# TASK STATEMENT
Write out the records word for word, with no pictures.
>>>
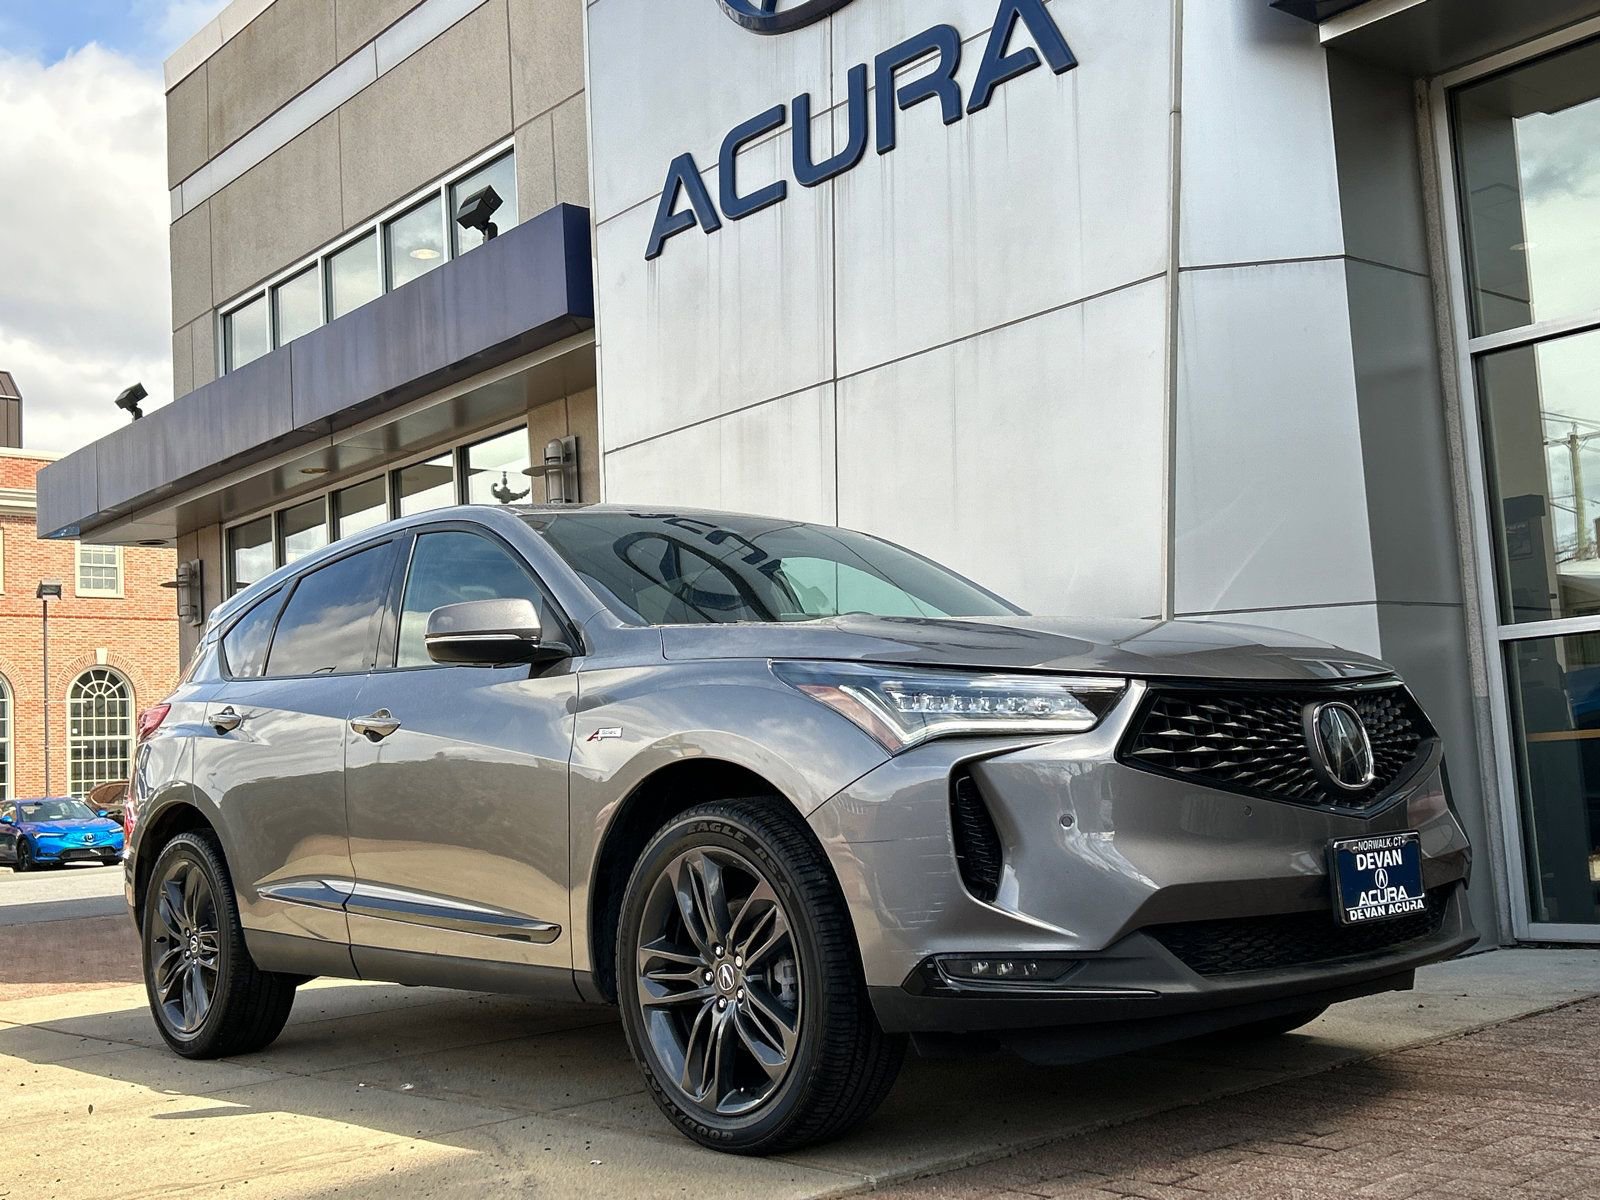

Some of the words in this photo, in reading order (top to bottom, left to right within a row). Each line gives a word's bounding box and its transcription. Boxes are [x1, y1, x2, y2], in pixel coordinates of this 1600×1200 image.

[644, 0, 1079, 261] ACURA
[687, 822, 748, 842] EAGLE
[1393, 836, 1402, 847] CT
[1356, 849, 1403, 871] DEVAN
[1358, 886, 1409, 907] ACURA
[1350, 907, 1386, 921] DEVAN
[1388, 900, 1425, 915] ACURA
<<<
# EXPECTED OUTPUT
Some of the words in this photo, in reading order (top to bottom, left to right within a row). Each line gives a word's bounding box and its transcription. Boxes are [x1, y1, x2, y2], in pixel coordinates of this 1600×1200 image.

[644, 0, 1079, 261] ACURA
[687, 822, 748, 842] EAGLE
[1393, 836, 1402, 847] CT
[1356, 849, 1403, 871] DEVAN
[1358, 886, 1409, 907] ACURA
[1350, 907, 1386, 921] DEVAN
[1388, 900, 1425, 915] ACURA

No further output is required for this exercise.